If you are a value-added investor, meaning you make some sort of improvement to a property in order to increase rents or increase the property’s value, or if you are a buy-and-hold investor, or if you are a developer, contractors are probably one of the hardest things you have to deal with.


Josh Simon, a seasoned investor and developer, has over $90 million in construction planned in 2017, so he will be dealing with a ton of contractors both this year and beyond. And with 12 years of investing experience under his belt, he already has the expertise and experience to manage all the general and sub-contractors required to effectively complete this year’s projects. In our recent conversation, he provided advice on how to best deal with contractors to mitigate as many headaches or issues as possible.


#1 – Don’t Hire the Cheapest Contractor


While this advice may seem obvious to most, when selecting between multiple contractor bids, don’t simply accept the lowest offer. Josh said, “let’s say you get three prices in anything in life, just like when you have a handyman at your house or if you are doing a remodel on a rental, don’t always go with the low guy, because you’re either missing something or he’s going to change order you to death and you’ll end up paying more.” In other words, the lowest priced bid upfront will likely end up being the most expensive option by the completion of the project because either the initial bid excluded certain parts of the project or the contractor will tack on extra costs throughout the project.


Instead, hire the contractor that is the best fit for the job. “If you need a foot surgery, you don’t call a heart doctor,” Josh said. “I think the same thing with architects and contractors. Have they built that product type before? We’re not going to use a single-story retail contractor to go build a two-story office building. It just doesn’t make sense.”


In order to determine who is the best fit for the job, ask. Ask both the contractor AND ask for referrals. Then call the referrals to see how the contractor performed on their project.


Pretty straightforward and simple advice.


#2 – Ask for Financials


When you are bidding out projects to contractors, you don’t only want to confirm that they are the right fit for the job, but you want to look at their financial history as well. Josh said, “What we really want to see is how much revenue are they doing. Are they making money? Do they have cash?”

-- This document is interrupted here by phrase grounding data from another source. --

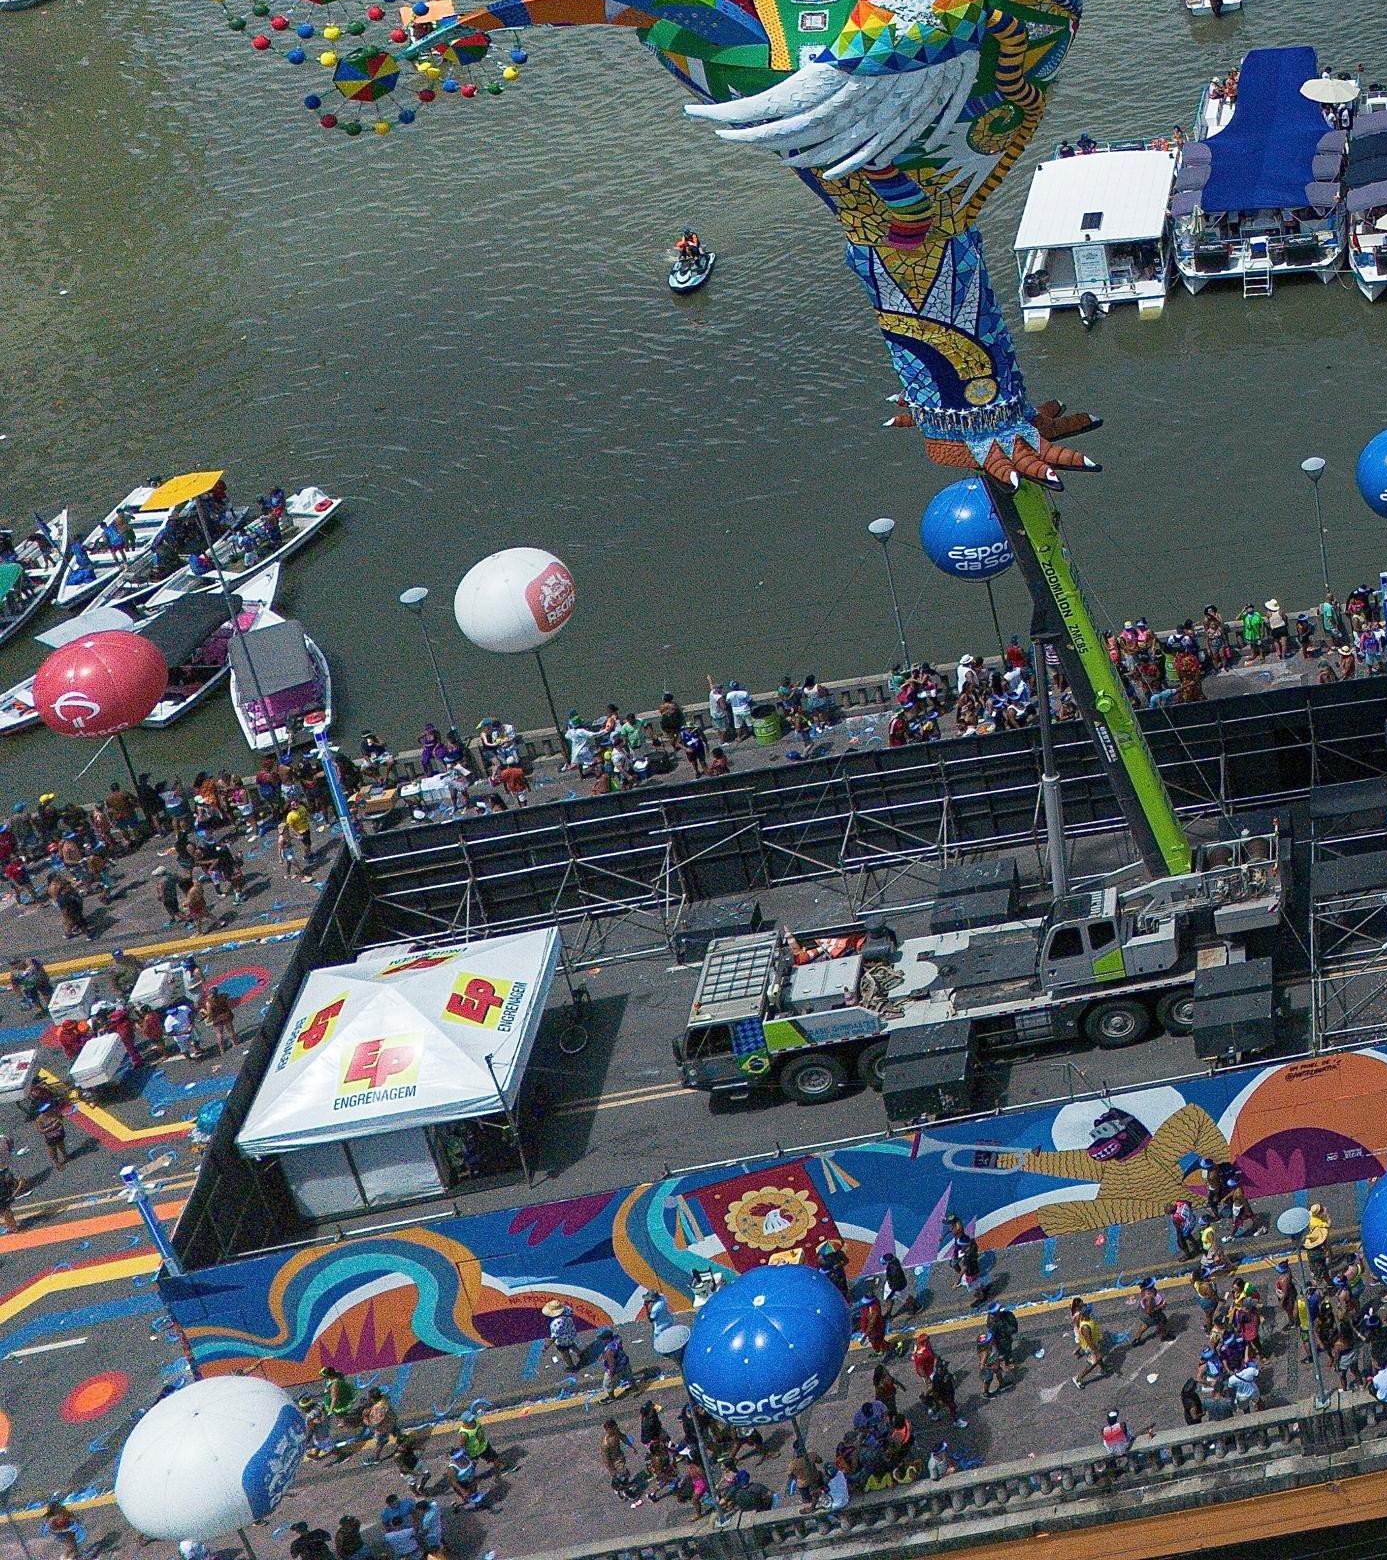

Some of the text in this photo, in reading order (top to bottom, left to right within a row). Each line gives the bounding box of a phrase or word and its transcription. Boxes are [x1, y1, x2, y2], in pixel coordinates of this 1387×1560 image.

[948, 540, 1011, 561] Espor
[1041, 561, 1088, 655] ZOOMLION ZMC85
[446, 978, 504, 1024] EP
[497, 981, 528, 1033] ENGRENAGEM
[344, 1038, 416, 1089] EP
[333, 1085, 416, 1111] ENGRENAGEM
[688, 1374, 819, 1418] Esportes

If you are doing a $250,000 project, for example, do they have enough cash to pay a subcontractor who is threatening to not show up unless they get paid for their work? “We’re processing a draw for the contractor, which is how you pay the contractors. You pay them through a draw process,” Josh said. “If that sub [contractor] needs money and he’s only got $50,000 in the bank, is your job going to proceed as fast as you want it? Is he going to stay on schedule?”

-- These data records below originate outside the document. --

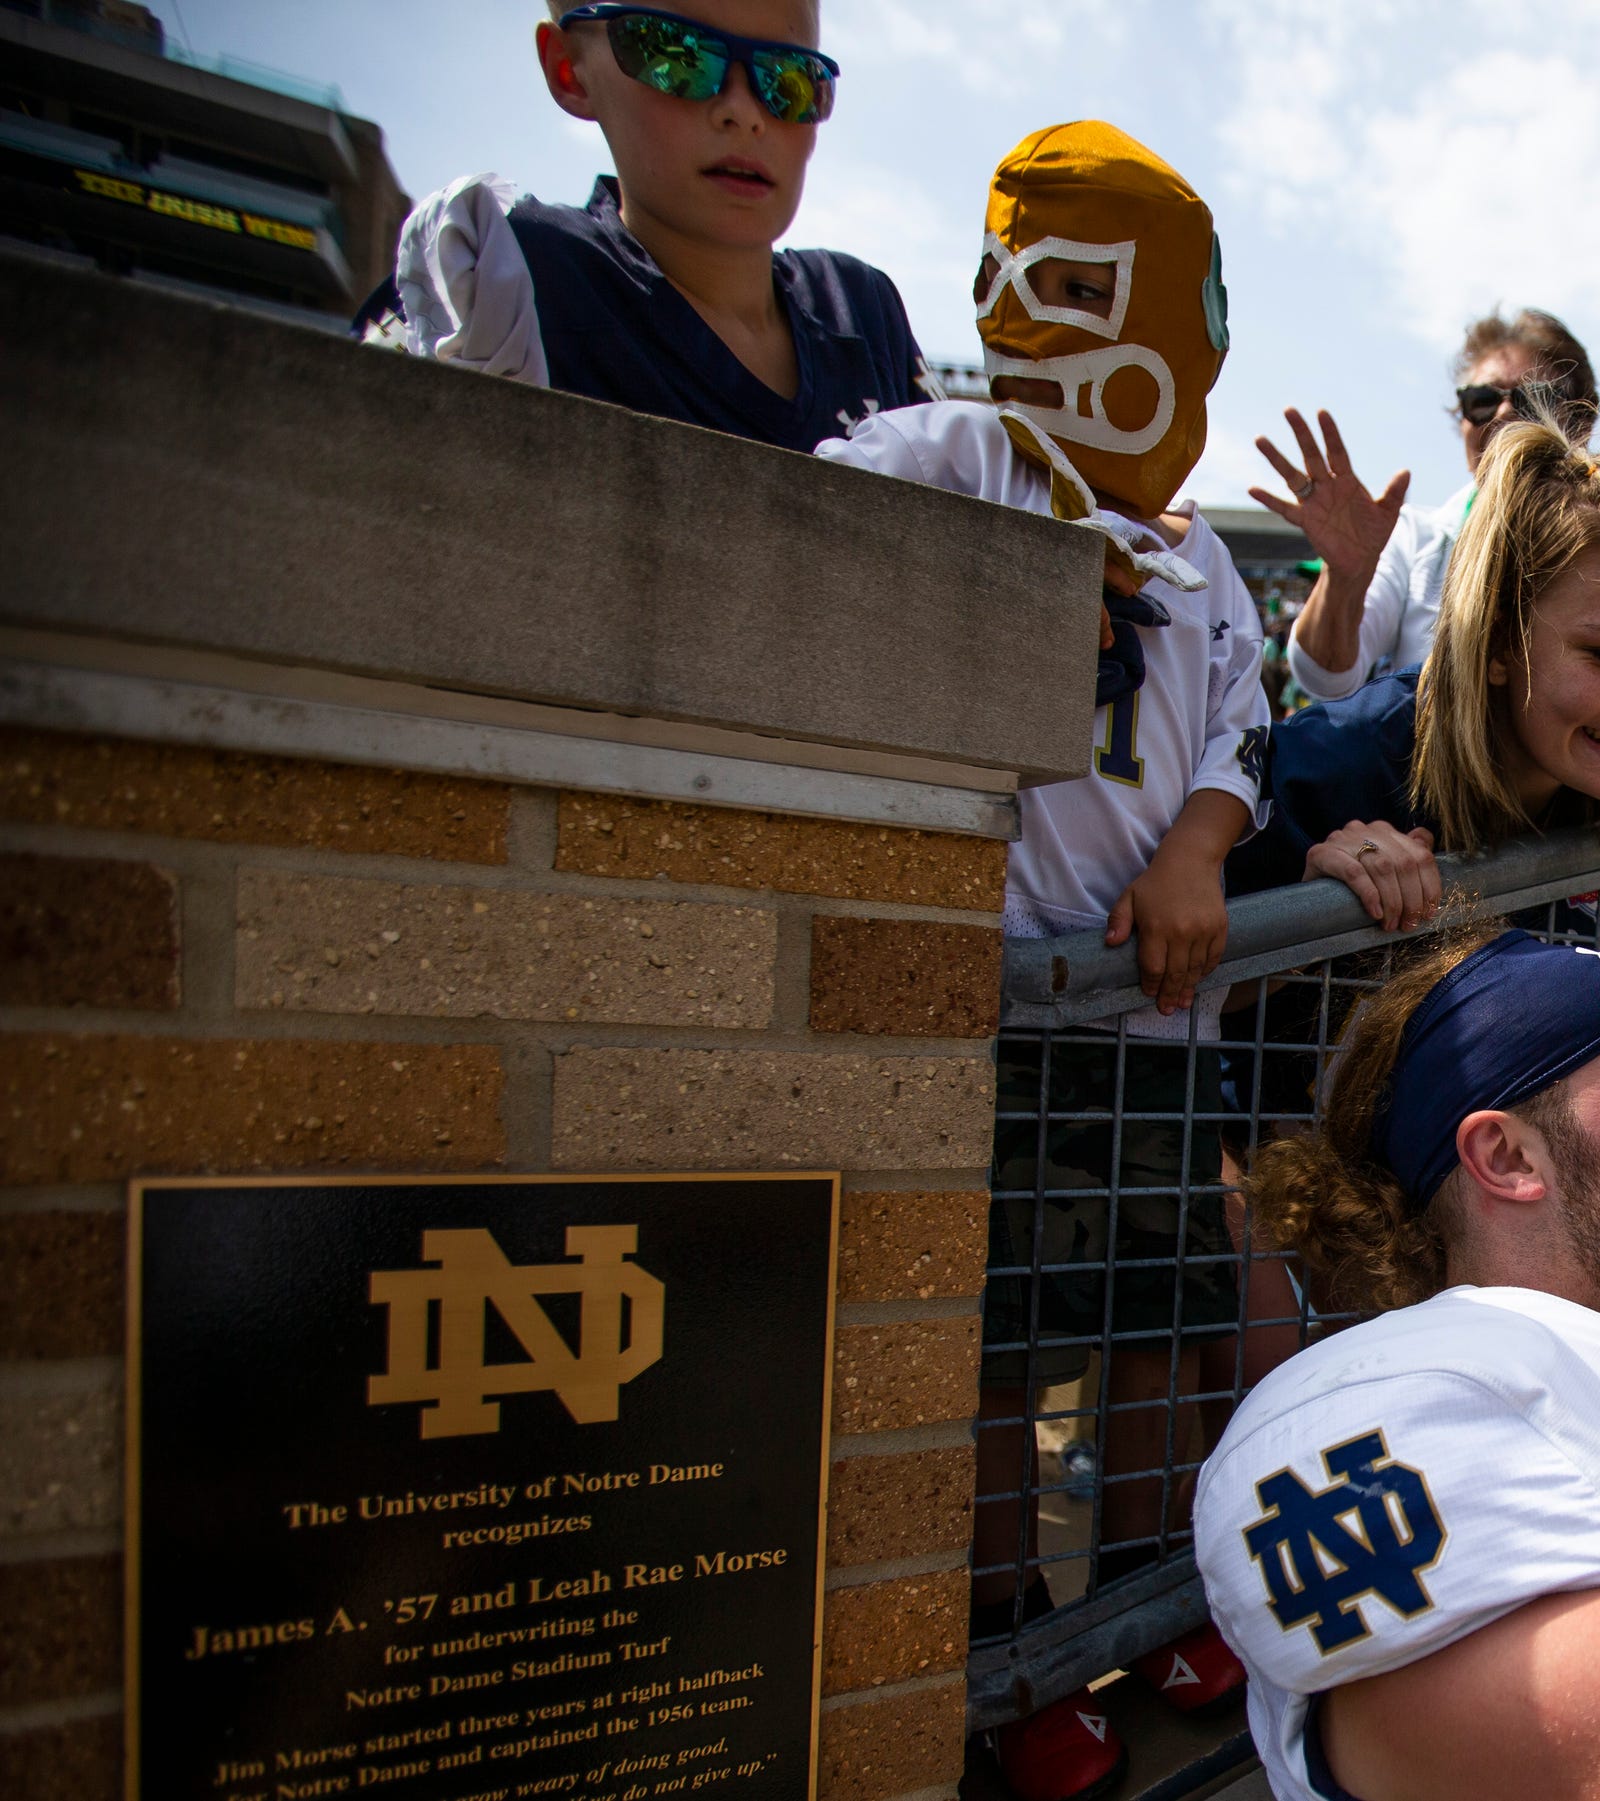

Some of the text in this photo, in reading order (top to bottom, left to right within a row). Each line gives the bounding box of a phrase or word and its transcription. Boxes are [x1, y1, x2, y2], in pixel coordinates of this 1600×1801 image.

[147, 191, 242, 234] IRISH
[283, 1463, 724, 1528] The University of Notre Dame
[442, 1514, 592, 1549] recognizes
[186, 1619, 315, 1659] James
[325, 1607, 368, 1635] A.
[449, 1583, 515, 1616] and
[528, 1569, 611, 1604] Leah
[624, 1564, 684, 1589] Rae
[694, 1549, 787, 1578] Morse
[384, 1609, 639, 1665] for underwriting the
[345, 1636, 672, 1711] Notre Dame Stadium Turf
[214, 1663, 764, 1785] Jim Morse started three years at right halfback
[276, 1776, 350, 1800] Notre
[358, 1760, 431, 1787] Dame
[437, 1745, 482, 1771] and
[489, 1720, 598, 1760] captained
[606, 1717, 639, 1735] the
[648, 1704, 694, 1727] 1956
[700, 1696, 754, 1716] team.
[516, 1773, 580, 1797] weary
[585, 1761, 612, 1784] of
[613, 1753, 671, 1777] doing
[676, 1737, 729, 1766] good,
[622, 1784, 648, 1801] do
[654, 1775, 687, 1795] not
[691, 1767, 731, 1790] give

Obtaining the contractors financials is important regardless, but it’s even more important for development or full rehab projects. Josh said, “When you’re building anything, especially what we do, our construction cost is probably 80% of the total project budget, so that’s one of your biggest decisions you need to make. If it’s not done right, you can end up with legal issues, with a delayed project, with loss of rent from the project being delayed.”


#3 – Check the Contractor’s History


Josh’s last piece of advice when hiring a contractor is to go to the registrar of contractor’s website and look them up. Do they have any outstanding complaints? Do they have task complaints? What does their history show online? “The registrar of contractors for every state has one. As a contractor, in every state you have to be licensed. And every state has an online database where you can look up that contractor,” Josh said. “You can pull up the contractor’s name, find their license: when does it expired? Do they have all their stuff current? And then also, are there any complaints that have been filed against the contractor? You can actually pull up that information.”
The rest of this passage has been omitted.